Tuft cells mediate commensal remodeling of the small intestinal antimicrobial landscape.
Proceedings of the National Academy of Sciences of the United States of America
2023; 120 (23): e2216908120
Succinate produced by the commensal protist Tritrichomonas musculis (T. mu) stimulates chemosensory tuft cells, resulting in intestinal type 2 immunity. Tuft cells express the succinate receptor SUCNR1, yet this receptor does not mediate antihelminth immunity nor alter protist colonization. Here, we report that microbial-derived succinate increases Paneth cell numbers and profoundly alters the antimicrobial peptide (AMP) landscape in the small intestine. Succinate was sufficient to drive this epithelial remodeling, but not in mice lacking tuft cell chemosensory components required to detect this metabolite. Tuft cells respond to succinate by stimulating type 2 immunity, leading to interleukin-13-mediated epithelial and AMP expression changes.
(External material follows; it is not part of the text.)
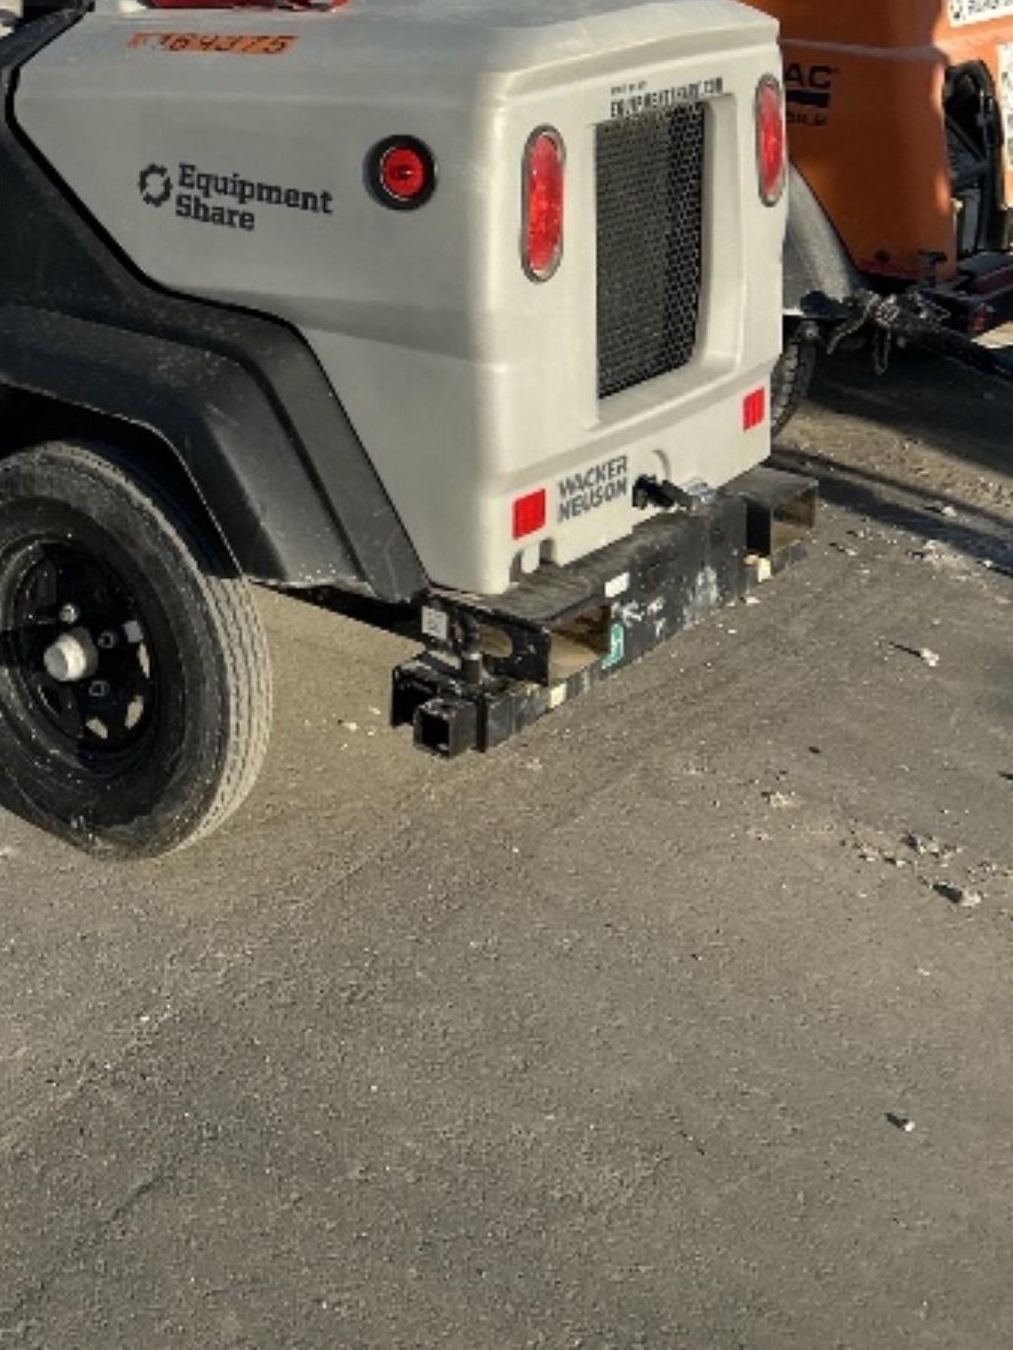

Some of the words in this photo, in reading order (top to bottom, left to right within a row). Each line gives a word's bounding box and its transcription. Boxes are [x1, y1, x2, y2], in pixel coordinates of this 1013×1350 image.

[178, 162, 334, 215] Equipment
[175, 193, 256, 232] Share
[558, 454, 627, 498] WACKER
[557, 476, 627, 525] NEUSON
Moreover, type 2 immunity decreases the total number of mucosa-associated bacteria and alters the small intestinal microbiota composition. Finally, tuft cells can detect short-term bacterial dysbiosis that leads to a spike in luminal succinate levels and modulate AMP production in response. These findings demonstrate that a single metabolite produced by commensals can markedly shift the intestinal AMP profile and suggest that tuft cells utilize SUCNR1 and succinate sensing to modulate bacterial homeostasis.